Most everyone enjoys going to a wedding banquet or, as we say in our day, a wedding reception. It is a wonderful time to celebrate the wedding of a couple or, if we don’t know the couple, to honor their parents by our attendance. There’s great food and music, a beautiful location, and good conversation (unless, of course, you happen to be seated by Great Aunt Margaret who is just a little hard of hearing — I don’t know this personally, but I have heard it happens!). At wedding receptions, guests enjoy the hospitality of the host and, for a time, are transported out of their daily routines into a different world where, for a few hours, everyone lives as though life were one long celebration. Who wouldn’t want to go to a wedding reception?
According to this strange and difficult parable of Jesus, there were some in Jesus’ day that refused to attend the wedding reception for the King’s son. In the midst of this peculiar parable, Jesus shows us something important about what it’s like to live in God’s kingdom. In the middle of ancient customs, violent reactions, class distinctions, and surprise endings, Jesus lets us peek at the dynamics of grace, indifference, judgment, and hope. This is not just a peculiar story. It is a mirror that begs us to consider where are we in the story. Which character would we be if we were invited to this wedding reception?

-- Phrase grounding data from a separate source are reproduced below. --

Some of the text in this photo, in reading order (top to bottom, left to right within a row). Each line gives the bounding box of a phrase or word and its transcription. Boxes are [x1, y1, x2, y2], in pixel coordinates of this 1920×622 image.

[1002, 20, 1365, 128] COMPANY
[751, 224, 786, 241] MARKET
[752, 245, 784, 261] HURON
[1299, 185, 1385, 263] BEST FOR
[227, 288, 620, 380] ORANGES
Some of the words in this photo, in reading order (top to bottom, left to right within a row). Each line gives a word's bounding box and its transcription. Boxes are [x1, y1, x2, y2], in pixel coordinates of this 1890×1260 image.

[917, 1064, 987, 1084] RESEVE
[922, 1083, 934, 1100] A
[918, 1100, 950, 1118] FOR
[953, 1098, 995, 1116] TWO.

The King of the land announced a royal wedding of the King’s son. Such affairs were grand and elaborate occasions for people to see and be seen. Great preparation was required. As was the custom in those days, the King sent out servants to hand-deliver invitations to the event. Typically the King would invite people from the upper crust — governmental leaders, close friends, or political allies. The guest list was more about influence and status than it was about the wedding couple. Then preparation would begin for the wedding. When all was ready, the servants would go out again to all the invited guests to tell them it was time to come to the banquet.
Here the problems began. The folks who had been invited wouldn’t come. So the King sent additional servants. They explained that the site was prepared, the food was cooked, and the table was ready. So, come on! But they still refused to attend. One said there was business to attend to. Another had something going on at the farm that needed attention. So they blew off the invitation.

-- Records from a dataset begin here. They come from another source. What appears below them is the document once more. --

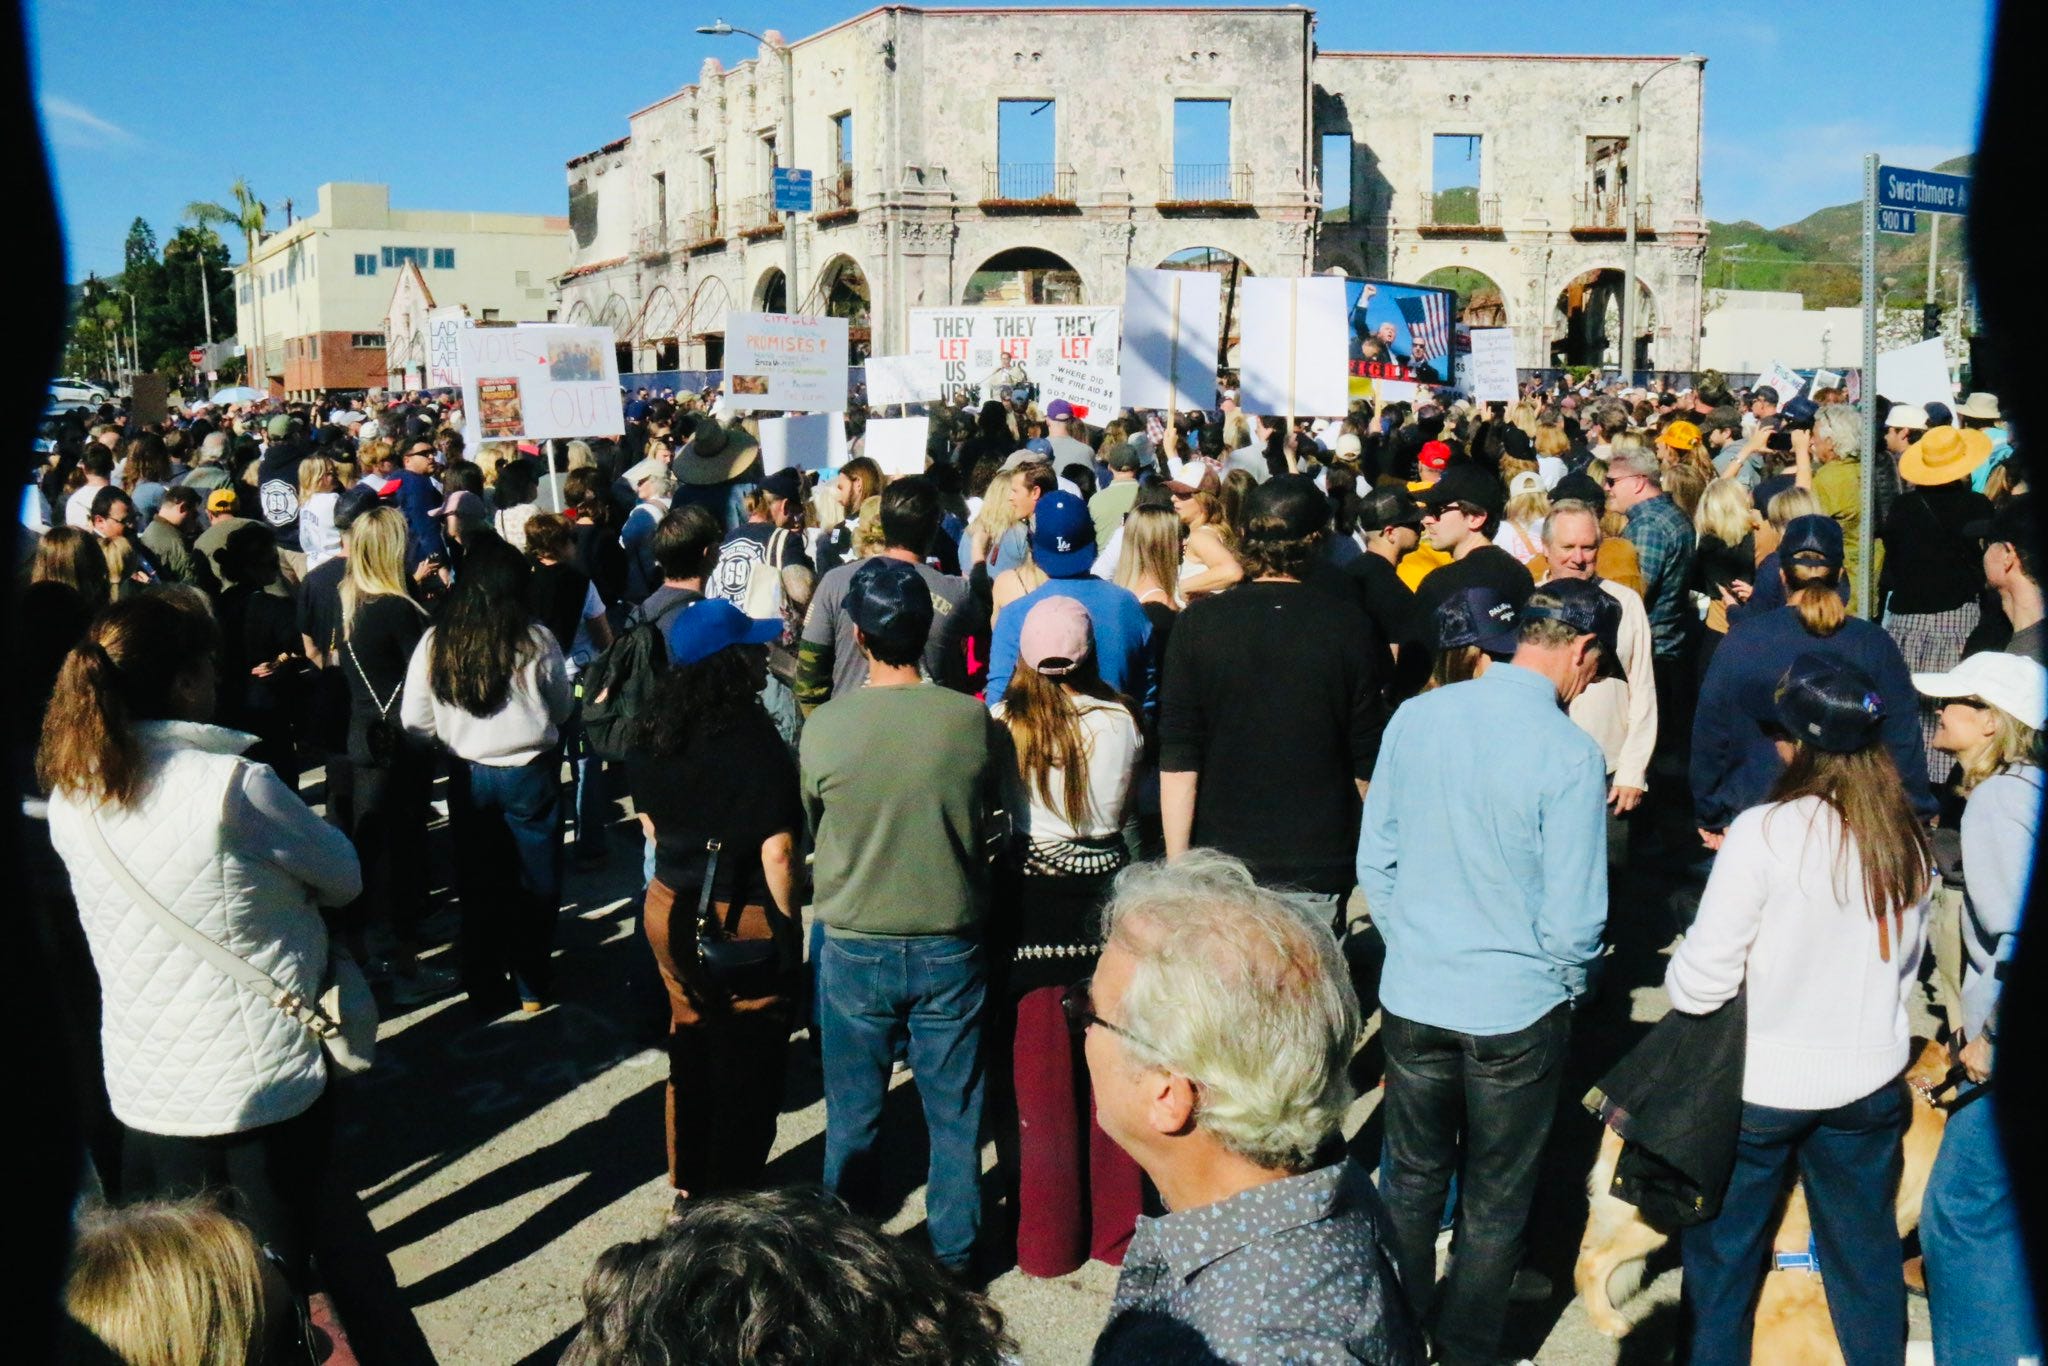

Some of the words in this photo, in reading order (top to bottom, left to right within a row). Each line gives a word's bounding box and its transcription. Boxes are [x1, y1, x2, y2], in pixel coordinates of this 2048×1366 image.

[1888, 174, 1955, 206] Swarthmore
[1882, 211, 1900, 229] 900
[1903, 213, 1910, 230] W
[933, 317, 975, 337] THEY
[993, 317, 1036, 337] THEY
[1055, 316, 1097, 336] THEY
[466, 333, 525, 363] VOTE
[746, 335, 815, 353] PROMISES
[939, 339, 970, 359] LET
[1000, 339, 1031, 359] LET
[1061, 338, 1092, 359] LET
[945, 361, 966, 381] US
[1058, 366, 1087, 380] WHERE
[1090, 376, 1104, 385] DID
[1050, 373, 1064, 383] THE
[1068, 380, 1086, 390] FIRE
[1088, 386, 1101, 394] AID
[1103, 389, 1113, 398] $$
[551, 386, 614, 429] OUT
[1047, 388, 1066, 398] GO?
[1068, 394, 1084, 403] NOT
[1086, 399, 1096, 407] TO
[1098, 403, 1113, 413] US!
[724, 561, 747, 586] 69

Now as I was trying to get my head wrapped around this parable I wondered what it would look like in today’s world. Here’s what I came up with.

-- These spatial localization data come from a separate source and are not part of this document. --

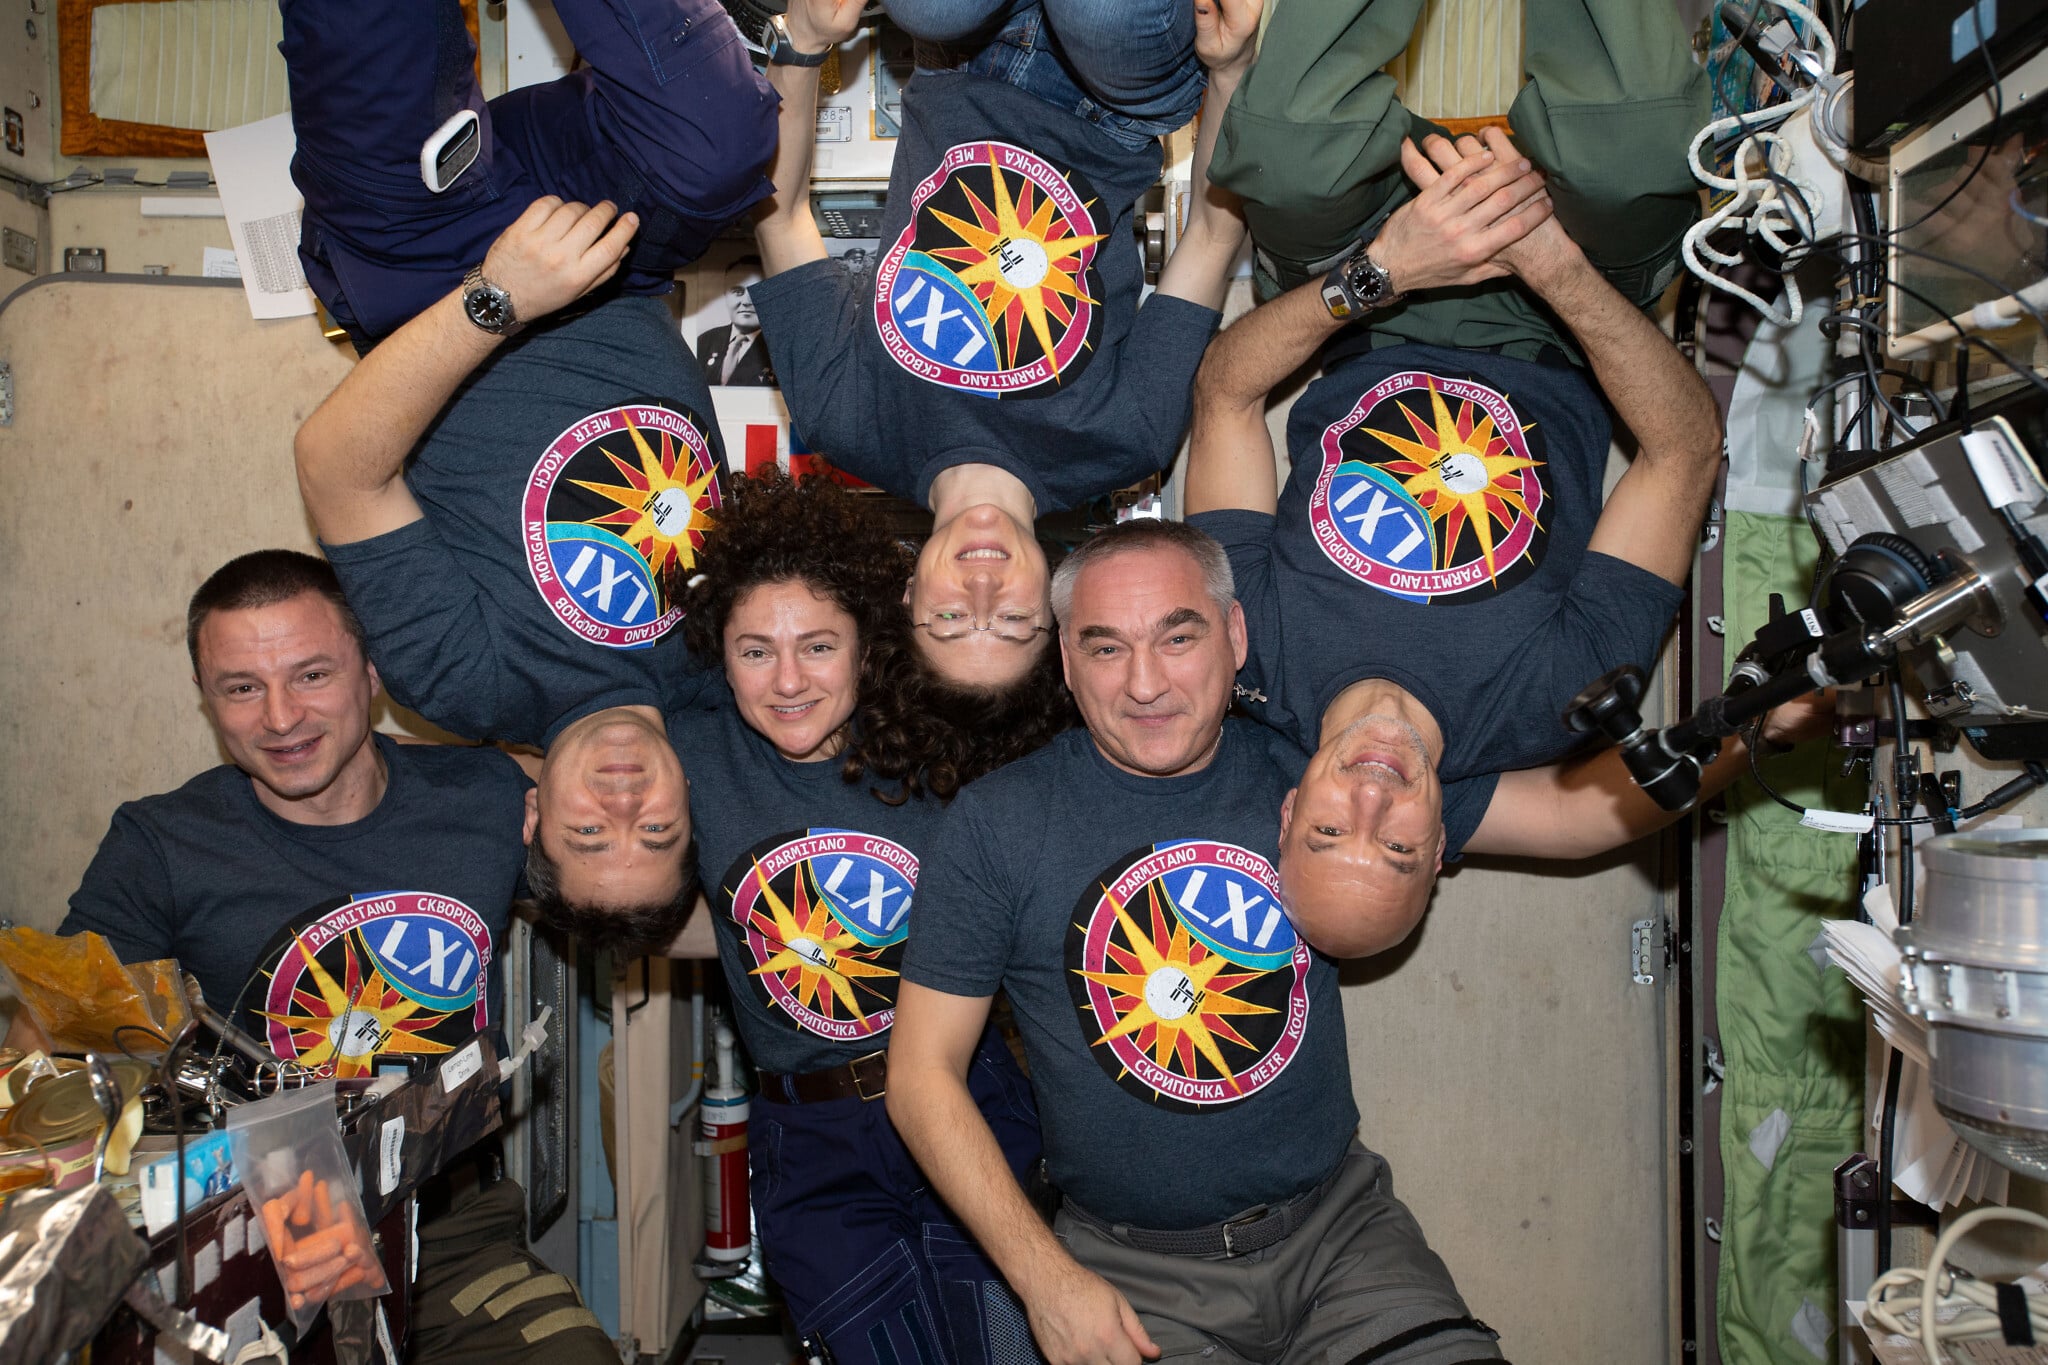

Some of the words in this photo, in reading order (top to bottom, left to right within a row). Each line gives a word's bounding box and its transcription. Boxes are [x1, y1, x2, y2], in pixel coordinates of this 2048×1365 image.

[912, 179, 937, 209] KOC
[1005, 149, 1077, 214] СКРИПОЧКА
[877, 245, 906, 303] MORGAN
[894, 275, 987, 367] LXI
[881, 320, 942, 379] СКВОРЦОВ
[959, 363, 1047, 387] PARMITANO
[1376, 375, 1414, 398] MEIR
[1329, 406, 1366, 436] KOCH
[1442, 380, 1515, 434] СКРИПОЧКА
[571, 415, 612, 444] MEIR
[637, 409, 703, 451] СКРИПОЧКА
[534, 449, 565, 490] KOCH
[1333, 479, 1426, 564] LXI
[529, 520, 554, 584] MORGAN
[1316, 518, 1372, 576] СКВОРЦОВ
[564, 545, 650, 624] LXI
[1389, 564, 1483, 590] PARMITANO
[555, 597, 610, 641] СКВОРЦОВ
[624, 606, 683, 642] ARMITANO
[766, 837, 847, 874] PARMITANO
[863, 840, 920, 883] СКВОРЦО
[1117, 847, 1197, 898] PARMITANO
[823, 857, 913, 931] LXI
[1178, 869, 1282, 949] LXI
[309, 899, 397, 946] PARMITANO
[416, 897, 483, 938] СКВОРЦОВ
[379, 919, 475, 992] LXI
[477, 945, 492, 1001] MOGAN
[781, 994, 858, 1037] СКРИПОЧКА
[1287, 996, 1305, 1041] KOCH
[1134, 1058, 1225, 1099] СКРИПОЧКА
[1249, 1051, 1286, 1087] MEIR

The governor’s son’s is getting married. The governor’s family is ecstatic and decides to put on a magnificent feast. Using all his social, business, and governmental connections he arranges for a location wedding and reception at an exclusive club on the beach. The cost for the location, caterers, musicians, designers, and planners is astronomical, but nothing is too good for this occasion. So the governor had invitations hand-lettered in calligraphy to a large list of family, friends, colleagues, donors, political supports, and even a few political opponents. Rather than send them through the mail the governor contracted with a specialized business to deliver the invitations in person, an indulgence that wasn’t missed by the invitees. Those who received invitations were appropriately pleased and impressed with the governor’s good taste and with their own status which got them on the list in the first place. Months went by as the preparations moved forward. The governor’s wife, concerned that few people had taken the time to RSVP, convinced the governor to follow up. So, in the days before the wedding and reception the same company sent out personal representatives to let the invitees know that all was ready. Amazingly, even after receiving and accepting the initial invitation, people declined to attend. When the word got back to the governor, he was incensed! He gave word to the personal representatives to try again. They went back to the invitees and said: “Look, the governor has secured this beautiful location, the weather is gorgeous, the prime rib is slow cooking, the salmon is on ice ready to go on the grill, everything is ready. All we need is you.” But the invitees made fun of the representatives and offered lame excuses like having a business meeting or needing to work at the plant. As if they didn’t know in advance that this event was coming. As if they couldn’t manage their schedules. As if this occasion really wasn’t important enough to be “inconvenienced.” So the governor read this exactly as intended. This was a personally slap of the governor’s face- disrespect of the highest order! Who were these people, anyway, to reject the hospitality, not just of any wedding reception, but the social event of the year? When someone extends their welcome and hospitality in such a grand way, the last thing you do, if you want to stay in their good graces, is blow them off!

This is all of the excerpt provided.